Content starts

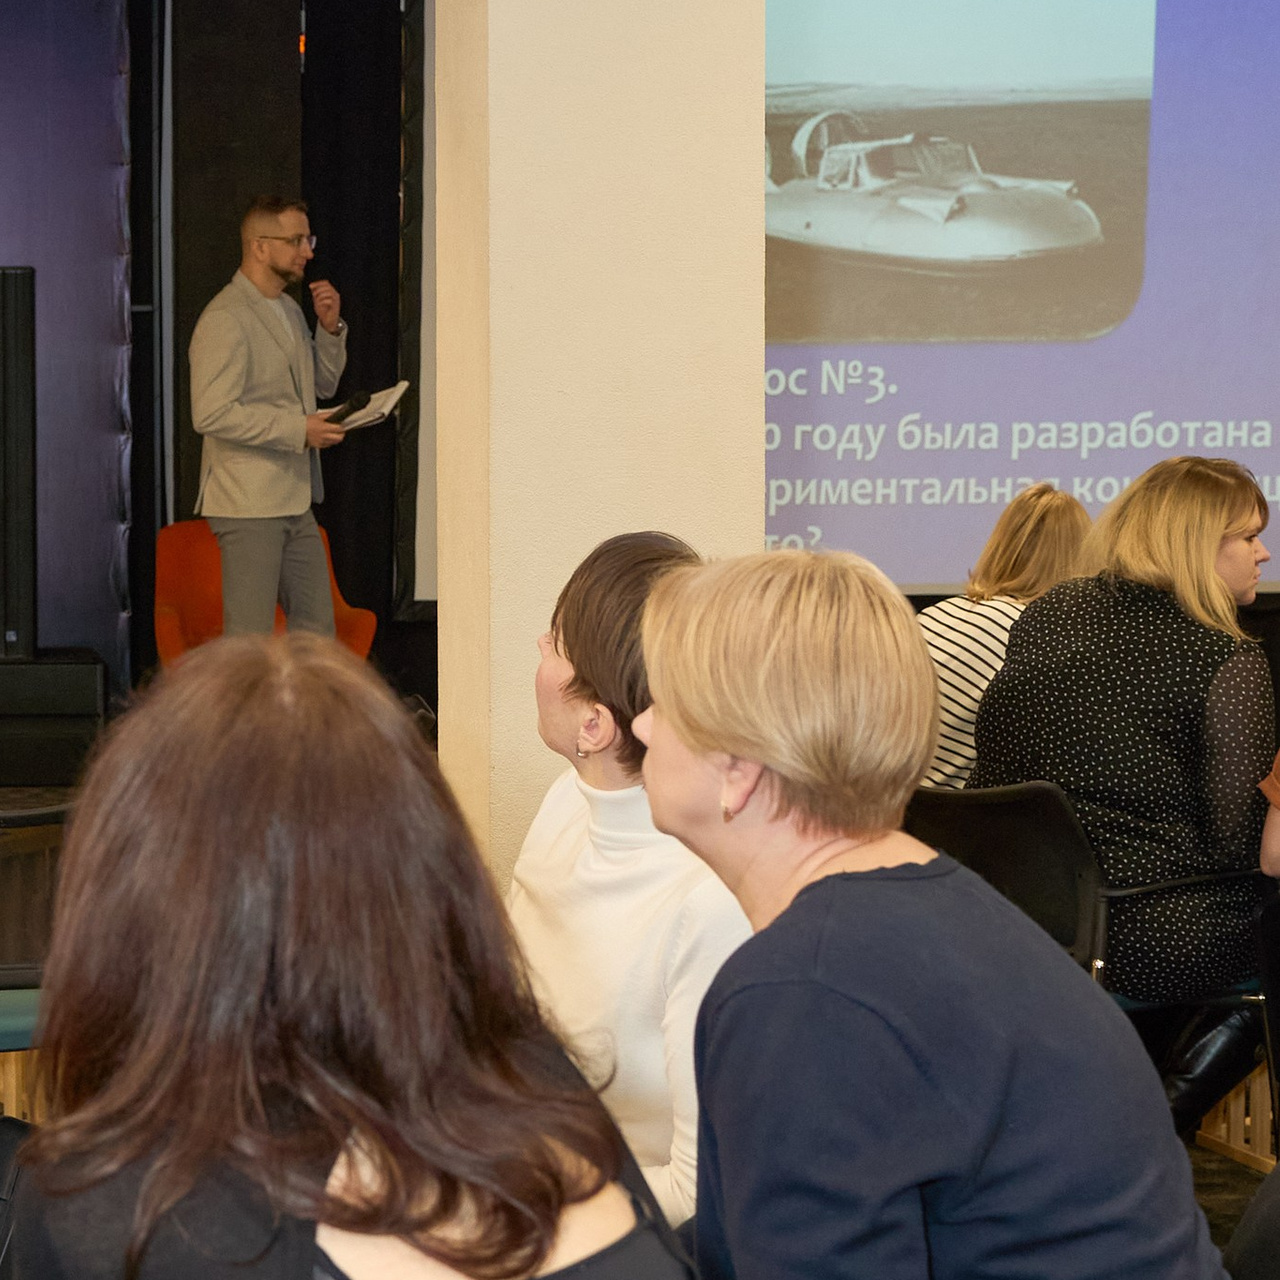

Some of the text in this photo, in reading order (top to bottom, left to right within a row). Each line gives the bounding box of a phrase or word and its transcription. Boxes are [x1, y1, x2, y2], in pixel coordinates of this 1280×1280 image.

[820, 359, 898, 404] №3.
[793, 422, 887, 461] году
[897, 412, 999, 450] была
[1011, 410, 1272, 460] разработана

Content ends

ASSIGNMENT: With the images removed, write out all of the material above exactly.

SOLUTION TO THIS PROBLEM:
Some of the text in this photo, in reading order (top to bottom, left to right within a row). Each line gives the bounding box of a phrase or word and its transcription. Boxes are [x1, y1, x2, y2], in pixel coordinates of this 1280×1280 image.

[820, 359, 898, 404] №3.
[793, 422, 887, 461] году
[897, 412, 999, 450] была
[1011, 410, 1272, 460] разработана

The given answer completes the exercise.